Acknowledgments : Dr Vilfrido Gil, Centre National des Grandes Endémies, Sao Tomé - Dr Lucie Brunet, Service d'Action Culturelle, Sao Tomé - Dr Conceiçao Ferreira, Centre National des Grandes Endémies, Sao Tomé



> General Statistics | > Epidemiological facies | > Vectors | > Chemoresistance | > The National Anti Malaria Program | > Research institutions | > Advice to Travelers | > Bibliography

 General Statistics

Area: 1,001 km² (Sao Tome: 836 km² ; Principe: 119 km²) 
Population: 134,785 inhabitants (1998 estimation) 
Capital: Sao Tome
Currency: Dobra 
Official Language: Portuguese 
Surrounding regions: Sao Tome and Principe are two islands, in the Gulf Of Guinea situated off the coast of Cameroon, Equatorial Guinea and Gabon. 

 

Out of 192 countries, Sao Tome and Principe ranks 108th for life expectancy, 80th for infant mortality, 176th for GNP, 163rd for daily calorie intake, 147th for literacy, 130th for the percentage of children in full-time education (source: Atlas Encyclopédique Mondial, Nathan Ed., Paris 1996, pp.118-119).

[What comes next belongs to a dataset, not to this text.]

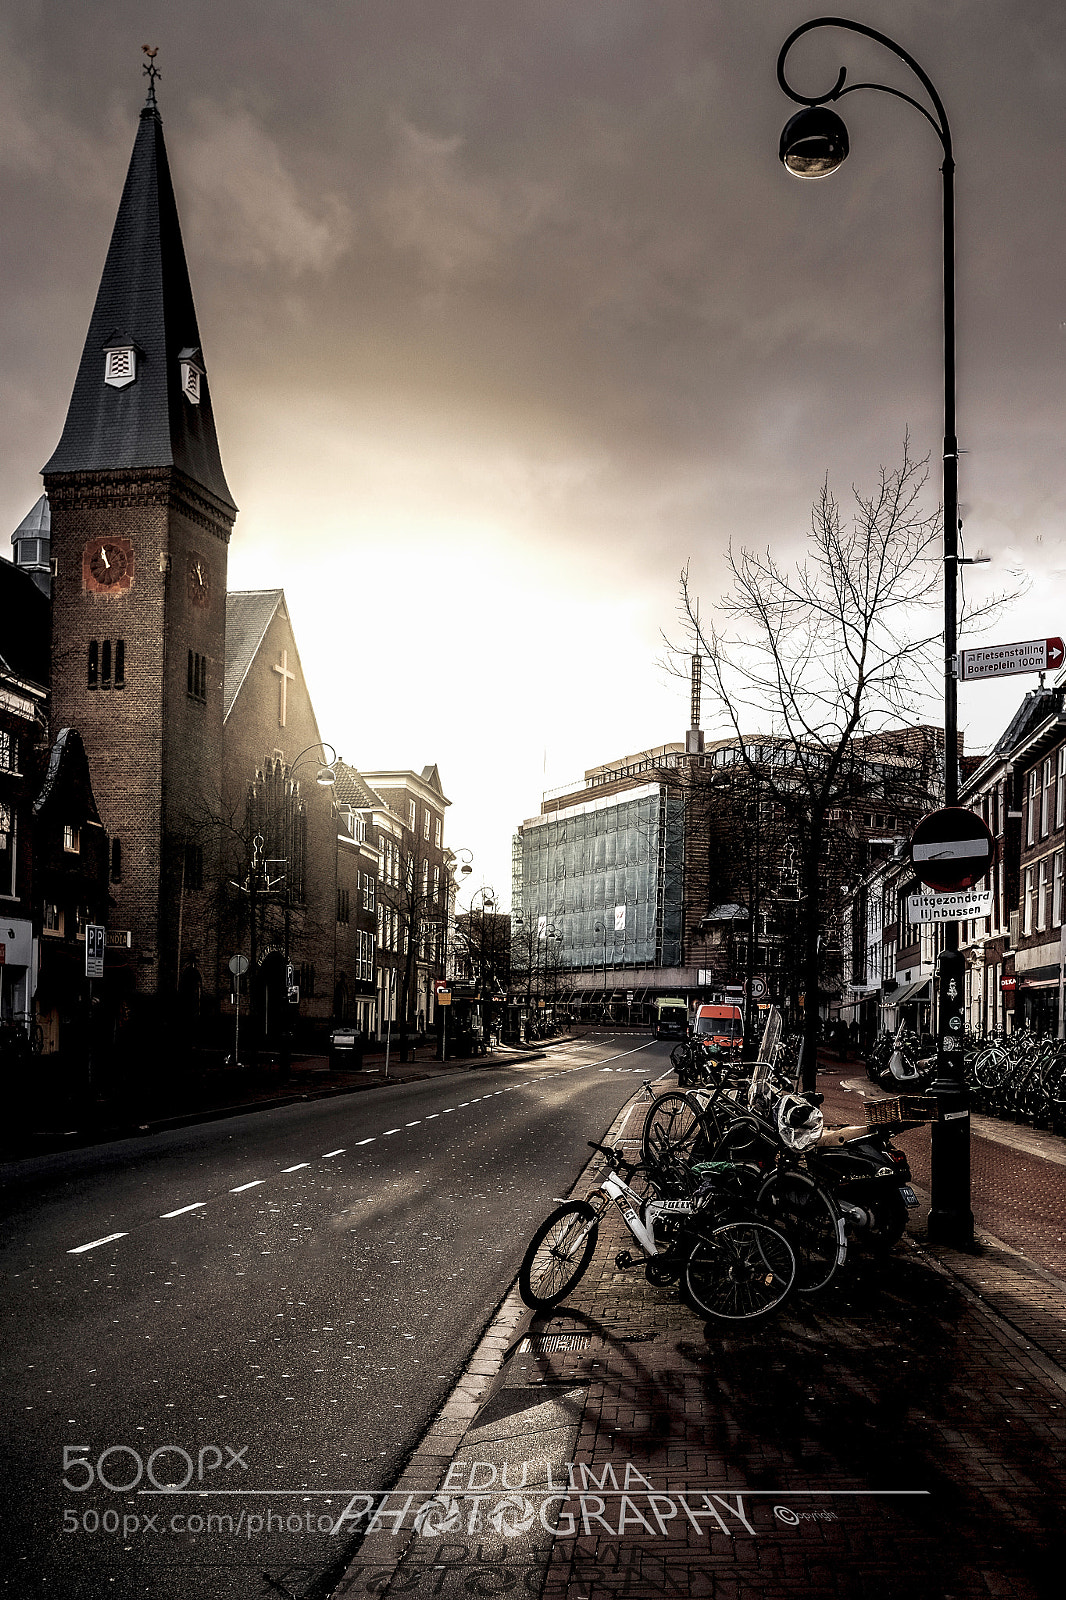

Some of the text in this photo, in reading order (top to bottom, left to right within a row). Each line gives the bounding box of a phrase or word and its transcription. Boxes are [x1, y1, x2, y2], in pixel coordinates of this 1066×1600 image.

Sao Tome and Principe rest on the equator and so the climate is hot and humid. There is however a relative dry season in July and August, whilst the average temperature oscillates between 20 °C (July - August) and 30 °C (January to April).

 Epidemiological facies

The oldest facts on malaria in Sao Tome and Principe are no more than twenty years old. 

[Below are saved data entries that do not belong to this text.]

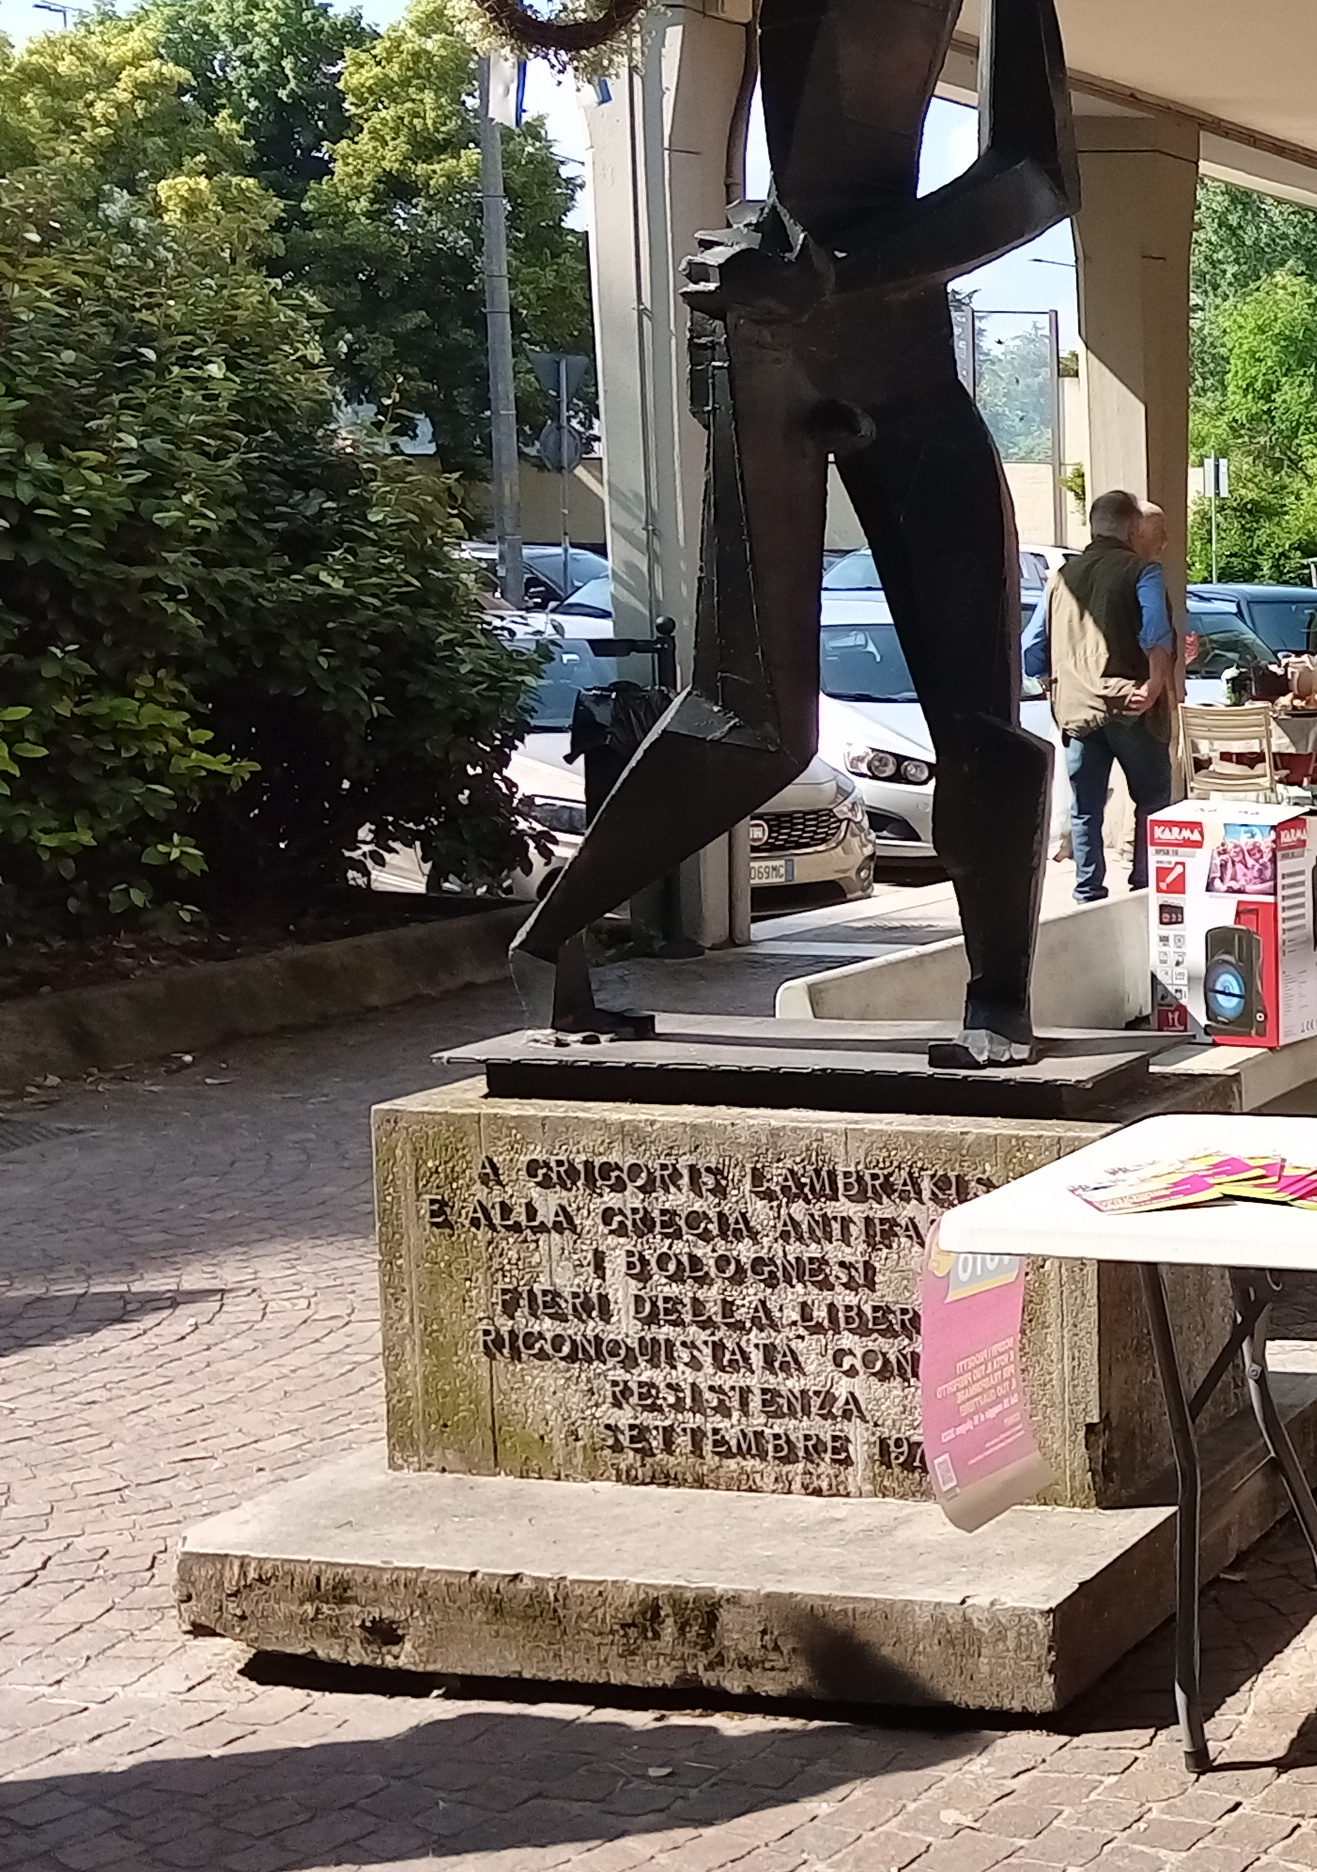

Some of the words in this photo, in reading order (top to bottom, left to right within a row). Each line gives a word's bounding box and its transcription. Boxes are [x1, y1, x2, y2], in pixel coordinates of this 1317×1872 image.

[1154, 825, 1202, 841] KARMA
[478, 1155, 502, 1187] A
[524, 1158, 727, 1197] GRIGORIS
[422, 1194, 453, 1232] E
[469, 1198, 577, 1236] ALLA
[601, 1204, 752, 1246] GRECIA
[777, 1212, 938, 1250] ANTIFA
[624, 1247, 876, 1292] BOLOGNESI
[493, 1285, 613, 1323] FIERI
[631, 1292, 779, 1332] DELLA
[796, 1299, 921, 1338] LIBER
[477, 1325, 806, 1377] RICONQUISTATA
[831, 1347, 921, 1383] CON
[606, 1377, 870, 1424] RESISTENZA
[600, 1422, 854, 1468] SETTEMBRE
[876, 1434, 927, 1472] 197

According to Gérard Martet et al., "Malaria has existed for a very long time on the archipelago. It is characterized by a permanent transmission with seasonal outbreaks that correspond with the end of the rainy season and the start of the dry one (April-May) Another slightly smaller peak occurs from November–December. Transmission decreases with altitude: above 300m of altitude the bio-ecology of the main vector (Anopheles gambiae) and the drop in the density of the human population cause the transmission to decline" (1).

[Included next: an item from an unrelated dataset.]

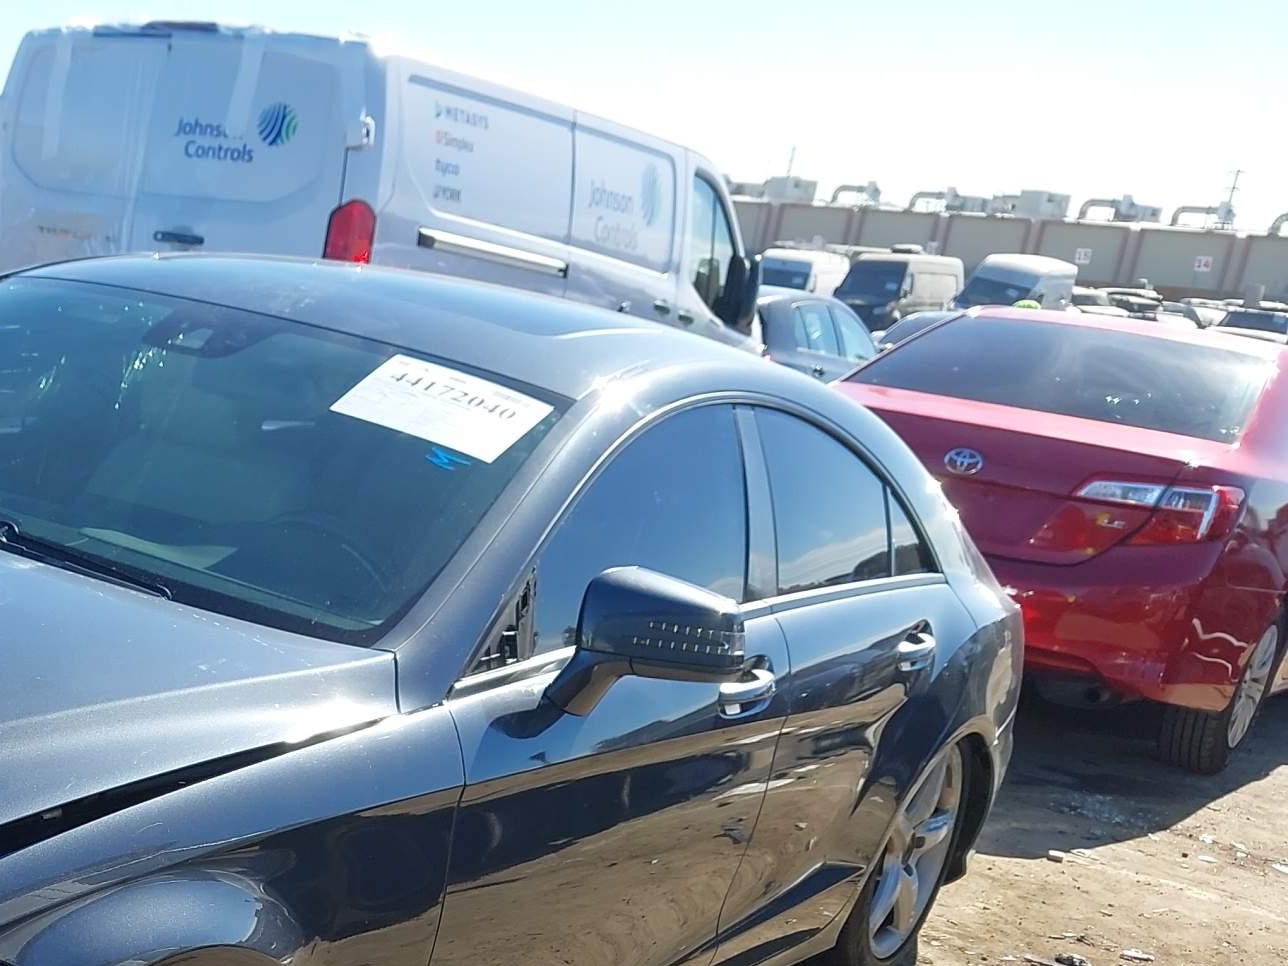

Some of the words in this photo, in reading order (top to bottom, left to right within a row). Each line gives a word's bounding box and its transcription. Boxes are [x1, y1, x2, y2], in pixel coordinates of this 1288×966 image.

[184, 140, 254, 163] Controls
[587, 178, 633, 214] Johnson
[389, 371, 518, 421] 44172040

From the 10th to the17th May 1990, a number of tests were run in Sao Tome on 780 children aged from 2 to 9 years old: the prevalence rate of splenomegalies was at 24% and that of hematozoon carriers 41%; this means that Sao Tome can be classified as a meso-endemic zone

Of the 318 positive slides, Plasmodium falciparum was present in 87.4% of cases, Plasmodium  ovale in 11%, Plasmodium  malariae in 1.3% and Plasmodium  vivax only once (0.3%)(1). These figures were not confirmed in 1996 by L.F. Loureiro et al.: who listed 87.2% of infections from Plasmodium  falciparum only, 4.5% from Plasmodium  malariae, 3.5% from Plasmodium  vivax and 4.5% of mixed infection. Plasmodium ovale was not found (3).

According to the “Direction du Plan du Ministère de la Santé”, malaria is the leading cause or morbidity: in effect, 12,413 cases of malaria were reported in 1991, 15,112 in 1992 and 12,514 in 1993, far greater than diarrhea and acute respiratory infections (5). In 1988, 67,162 cases were reported, an incidence rate of 60% (1). Malaria represents 25% of all reported deaths (5).

 Vectors
According to Jacques Brunhes et al., only four species of anopheles were identified: Anopheles funestus, Anopheles gambiae, Anopheles paludis  and Anopheles pharoensis (Les anophèles de la région afro-tropicale, logiciel ORSTOM Ed., 1998).
 Chemoresistance

1. Resistance to chloroquine: 

in vivo:

- The first case of chloroquine failure was reported in 1984 (CEITA J.G.V., in Proceedings of the Conference on Malaria in Africa. Practical Considerations on Malaria Vaccines and Clinical Trials, ed. Buck, A 142-156, Washington DC, U.S.A.I.D.).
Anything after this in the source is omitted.